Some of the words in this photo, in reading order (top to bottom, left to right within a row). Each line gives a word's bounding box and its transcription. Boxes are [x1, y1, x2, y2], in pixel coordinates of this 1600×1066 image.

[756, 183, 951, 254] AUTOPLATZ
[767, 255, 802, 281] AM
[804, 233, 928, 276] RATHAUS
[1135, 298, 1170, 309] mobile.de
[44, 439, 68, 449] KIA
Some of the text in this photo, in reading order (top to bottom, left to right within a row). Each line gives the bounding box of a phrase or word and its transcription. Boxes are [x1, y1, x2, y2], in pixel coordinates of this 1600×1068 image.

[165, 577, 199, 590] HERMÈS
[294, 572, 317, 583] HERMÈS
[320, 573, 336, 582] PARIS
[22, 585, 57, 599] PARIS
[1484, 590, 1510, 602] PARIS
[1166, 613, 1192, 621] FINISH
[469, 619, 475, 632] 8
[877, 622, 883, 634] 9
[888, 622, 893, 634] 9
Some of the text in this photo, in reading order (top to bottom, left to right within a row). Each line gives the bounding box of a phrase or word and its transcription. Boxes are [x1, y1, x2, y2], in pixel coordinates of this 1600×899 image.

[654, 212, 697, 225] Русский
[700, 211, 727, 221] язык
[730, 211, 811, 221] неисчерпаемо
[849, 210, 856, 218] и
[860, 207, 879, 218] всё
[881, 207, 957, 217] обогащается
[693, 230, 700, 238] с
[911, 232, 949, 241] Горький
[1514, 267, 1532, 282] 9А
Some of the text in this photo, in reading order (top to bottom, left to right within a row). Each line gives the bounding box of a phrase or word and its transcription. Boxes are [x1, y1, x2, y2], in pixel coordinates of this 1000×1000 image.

::::

-- Task description --
Using the material above, write out each entry again with nothing changed.

-- Output for this exercise --
Some of the words in this photo, in reading order (top to bottom, left to right within a row). Each line gives a word's bounding box and its transcription. Boxes are [x1, y1, x2, y2], in pixel coordinates of this 1600×1066 image.

[756, 183, 951, 254] AUTOPLATZ
[767, 255, 802, 281] AM
[804, 233, 928, 276] RATHAUS
[1135, 298, 1170, 309] mobile.de
[44, 439, 68, 449] KIA
Some of the text in this photo, in reading order (top to bottom, left to right within a row). Each line gives the bounding box of a phrase or word and its transcription. Boxes are [x1, y1, x2, y2], in pixel coordinates of this 1600×1068 image.

[165, 577, 199, 590] HERMÈS
[294, 572, 317, 583] HERMÈS
[320, 573, 336, 582] PARIS
[22, 585, 57, 599] PARIS
[1484, 590, 1510, 602] PARIS
[1166, 613, 1192, 621] FINISH
[469, 619, 475, 632] 8
[877, 622, 883, 634] 9
[888, 622, 893, 634] 9
Some of the text in this photo, in reading order (top to bottom, left to right within a row). Each line gives the bounding box of a phrase or word and its transcription. Boxes are [x1, y1, x2, y2], in pixel coordinates of this 1600×899 image.

[654, 212, 697, 225] Русский
[700, 211, 727, 221] язык
[730, 211, 811, 221] неисчерпаемо
[849, 210, 856, 218] и
[860, 207, 879, 218] всё
[881, 207, 957, 217] обогащается
[693, 230, 700, 238] с
[911, 232, 949, 241] Горький
[1514, 267, 1532, 282] 9А
Some of the text in this photo, in reading order (top to bottom, left to right within a row). Each line gives the bounding box of a phrase or word and its transcription. Boxes are [x1, y1, x2, y2], in pixel coordinates of this 1000×1000 image.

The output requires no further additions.